I currently find myself tempted to write a new post for Discussion, on the general topic of "From a Bayesian/rationalist/winningest perspective, if there is a more-than-minuscule threat of political violence in your area, how should you go about figuring out the best course of action? What criteria should you apply? How do you figure out which group(s), if any, to try to support? How do you determine what the risk of political violence actually is? When the law says rebellion is illegal, that preparing to rebel is illegal, that discussing rebellion even in theory is illegal, when should you obey the law, and when shouldn't you? Which lessons from HPMoR might apply? What reference books on war, game-theory, and history are good to have read beforehand? In the extreme case... where do you draw the line between choosing to pull a trigger, or not?".

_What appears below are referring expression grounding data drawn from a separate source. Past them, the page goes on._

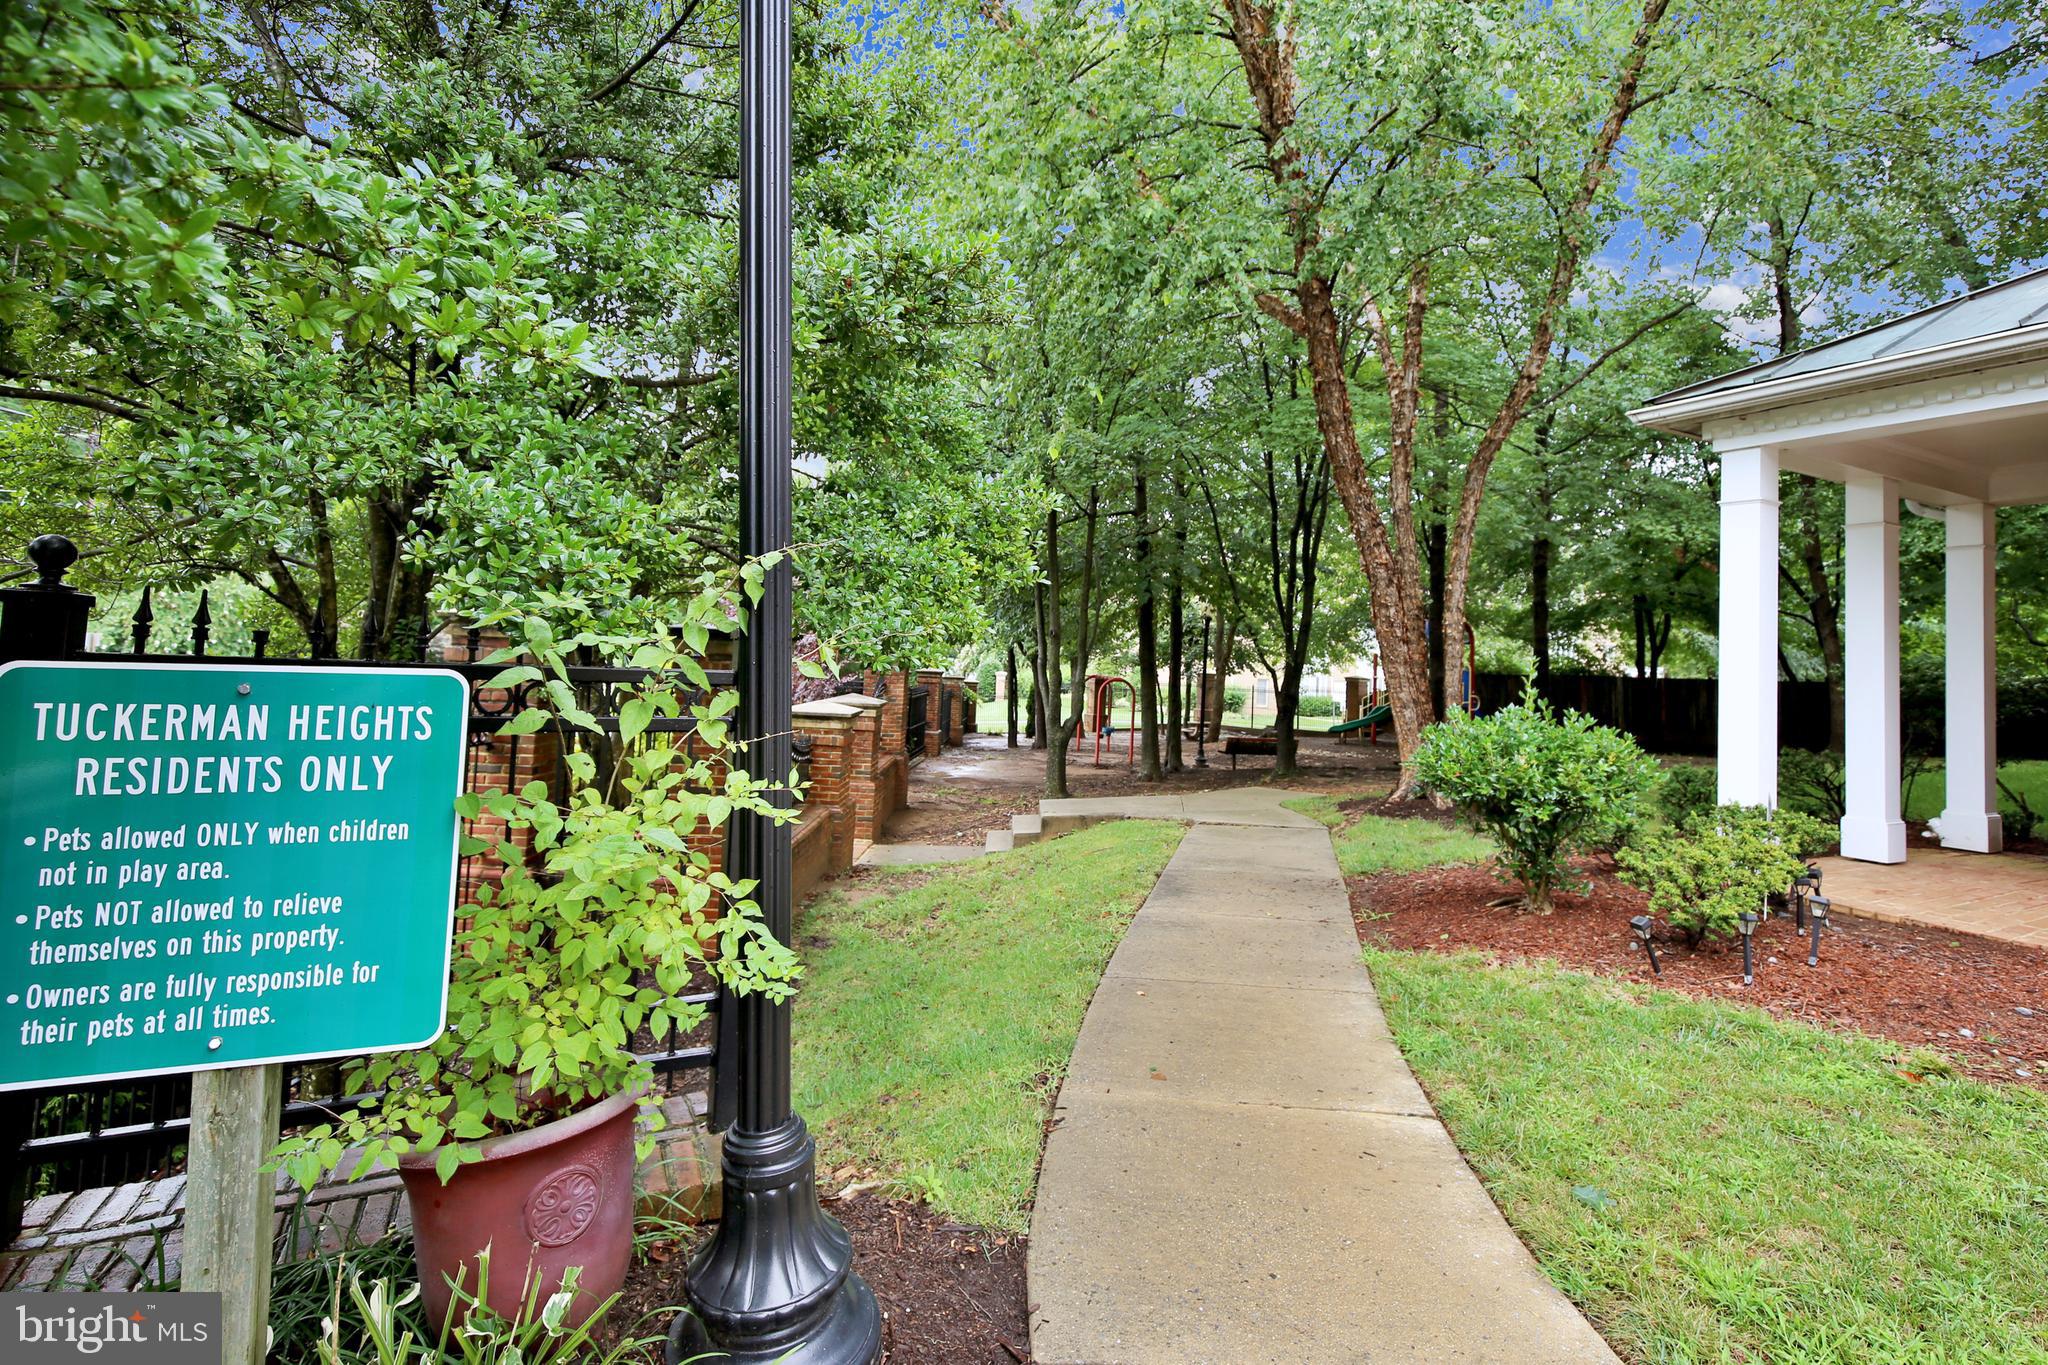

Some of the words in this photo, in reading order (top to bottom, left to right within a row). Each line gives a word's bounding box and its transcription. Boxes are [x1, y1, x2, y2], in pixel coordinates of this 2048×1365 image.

[33, 703, 269, 741] TUCKERMAN
[288, 705, 433, 741] HEIGHTS
[75, 756, 283, 795] RESIDENTS
[300, 755, 394, 792] ONLY
[43, 827, 91, 852] Pets
[100, 823, 186, 850] allowed
[197, 822, 259, 847] ONLY
[268, 821, 320, 845] when
[329, 819, 409, 843] children
[38, 861, 77, 887] not
[86, 860, 108, 885] in
[118, 859, 168, 890] play
[176, 861, 230, 881] area.
[35, 905, 83, 930] Pets
[95, 900, 143, 927] NOT
[151, 896, 234, 924] allowed
[243, 895, 263, 919] to
[273, 892, 343, 917] relieve
[29, 935, 157, 966] themselves
[166, 937, 192, 956] on
[202, 928, 242, 954] this
[251, 924, 344, 957] property.
[26, 979, 110, 1010] Owners
[119, 981, 156, 1003] are
[166, 973, 217, 1002] fully
[226, 963, 344, 994] responsible
[352, 960, 380, 984] for
[20, 1017, 78, 1046] their
[87, 1013, 134, 1046] pets
[143, 1009, 167, 1035] at
[174, 1006, 204, 1032] all
[212, 1003, 276, 1029] times.
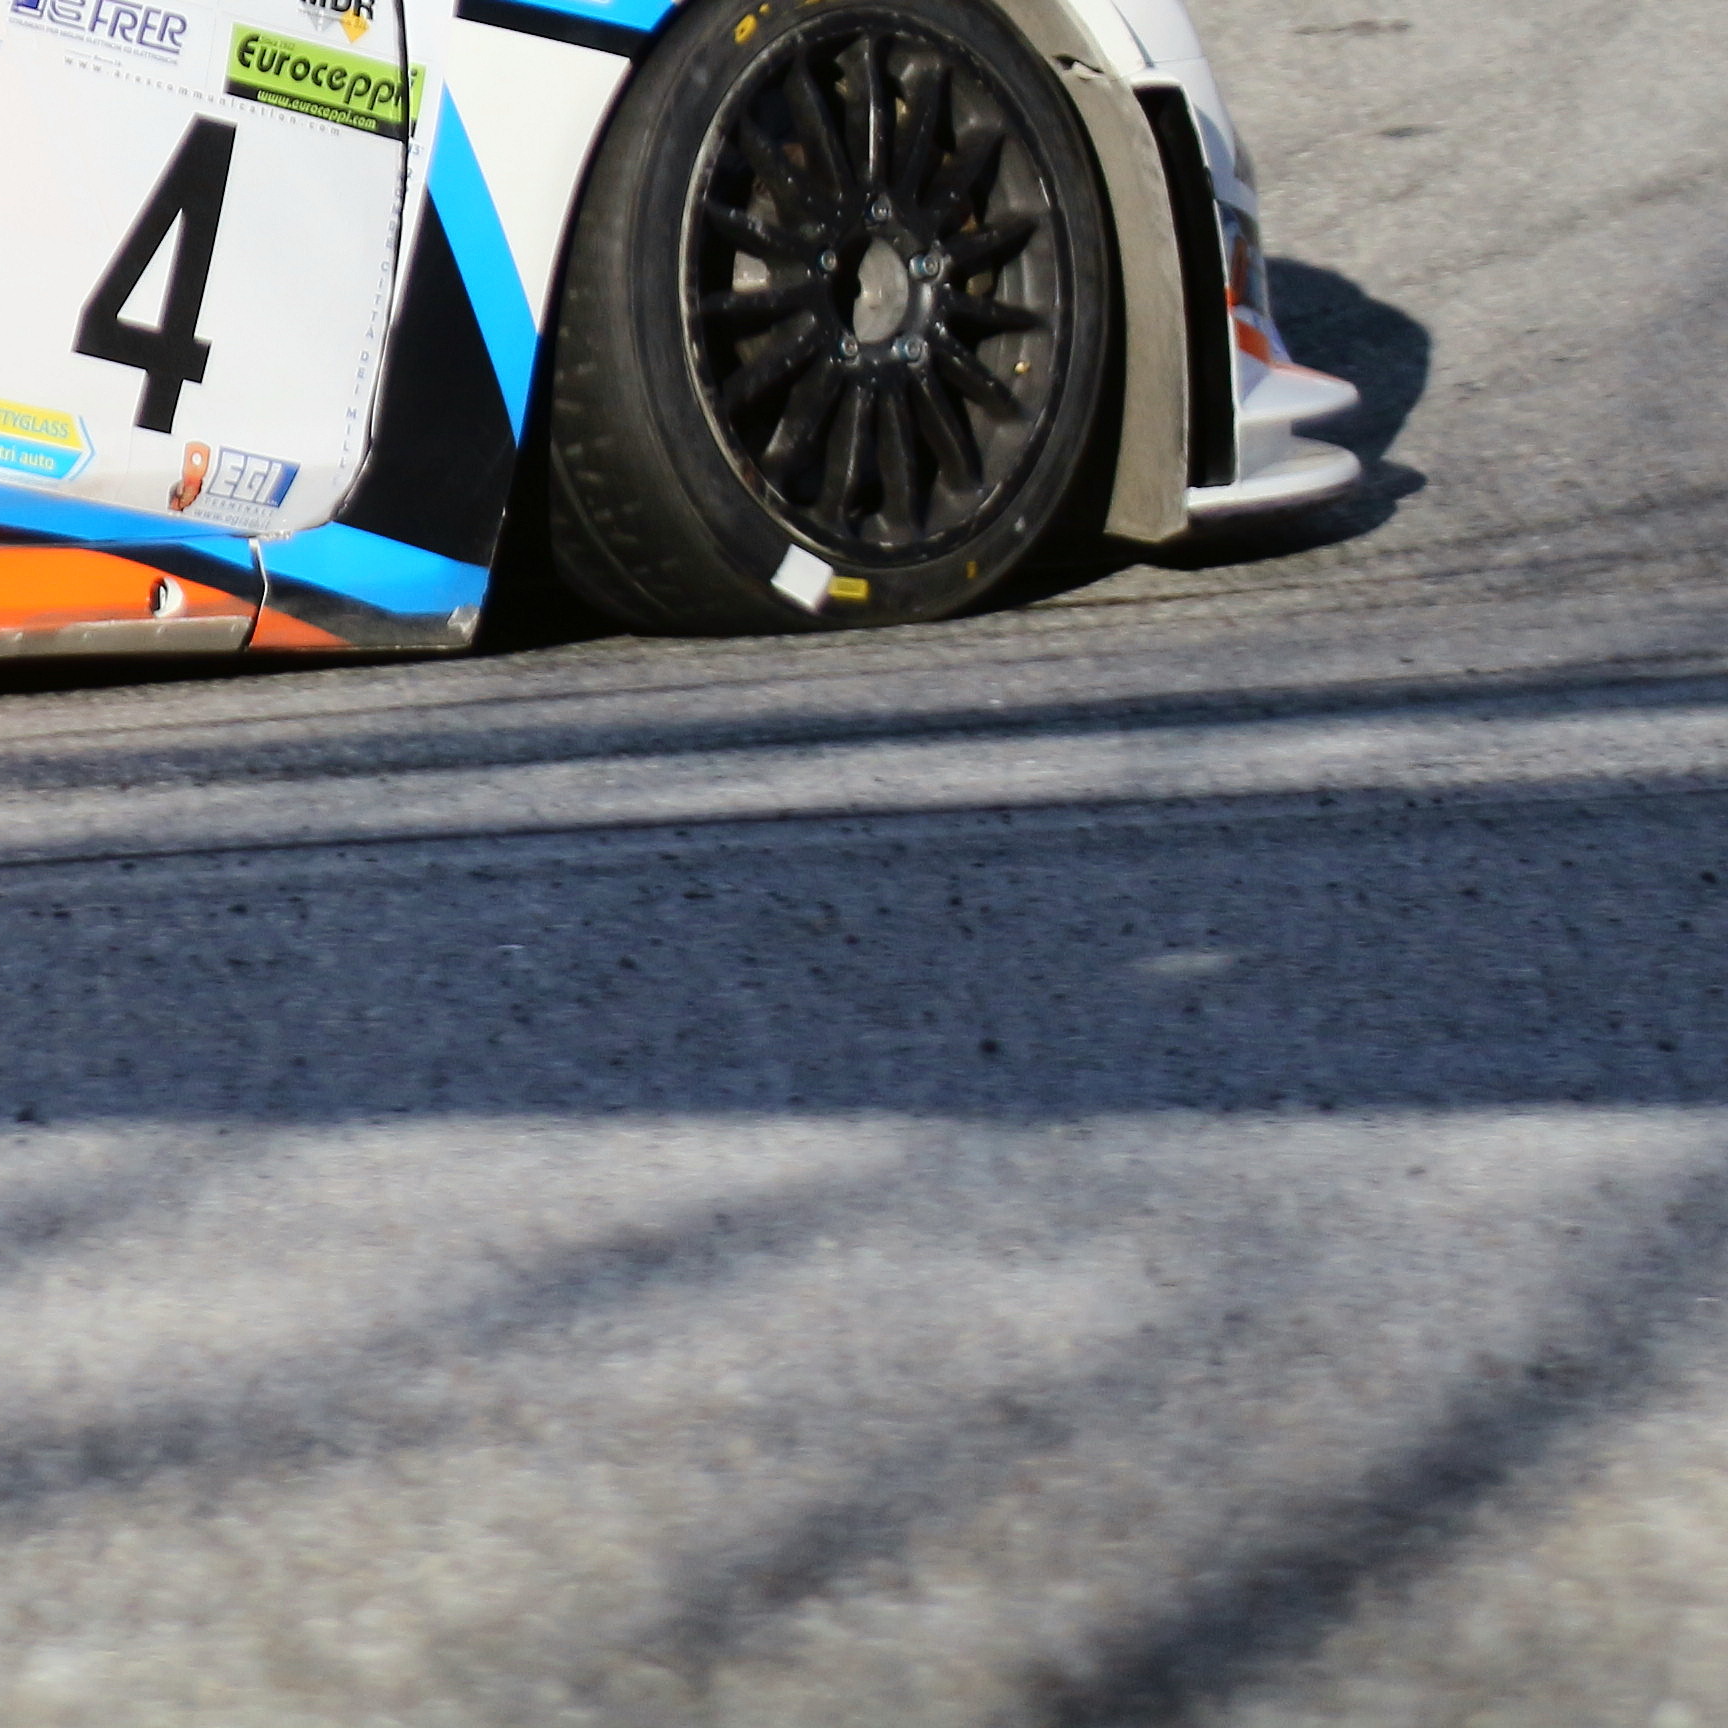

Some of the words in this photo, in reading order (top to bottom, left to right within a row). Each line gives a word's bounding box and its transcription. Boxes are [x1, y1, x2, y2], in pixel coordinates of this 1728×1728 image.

If it was simply a bad idea to have such a post, then I'd expect to take a karma hit from the downvotes, and take it as a lesson learned. However, I also find myself unsure whether or not such a post would pass the muster of the new deletionist criteria, and so I'm not sure whether or not I would be able to gather that idea - let alone whatever good ideas might result if such a thread was, in fact, something that interested other LessWrongers.

This whole thread-idea seems to fall squarely in the middle, between the approved 'hypothetical violence near trolleys' and 'discussion violence against real groups'. Would anyone be interested in helping me put together a version of such a post to generate the most possible constructive discourse? Or, perhaps, would somebody like to clarify that no version of such a post would pass muster under the new policy?

Comment deleted 24 December 2012 12:39:38PM [-]
Comment author: twanvl 24 December 2012 12:40:43PM 7 points [-]

What if some violence helps reduce further violence? For example corporal punishment could reduce crime (think of Singapore). Note that I am not saying that this is necessarily true, just that we should not a priori ban all discussion on topics like this.

Comment author: prase 24 December 2012 01:44:47PM 1 point [-]

The proposal is to ban such discussions not because violence is bad, but because discussing violence is bad PR. I am pretty sure advocacy of corporal punishment belongs to this category too.

Comment author: Dahlen 24 December 2012 03:06:26PM 1 point [-]

(I seriously should've posted this question back when the thread only had 3 comments.)

I have no qualms about the policy itself, it's only commonsensical to me; my question is only tangentially related:

Do you believe "censorship" to be a connotatively better term than "moderation"?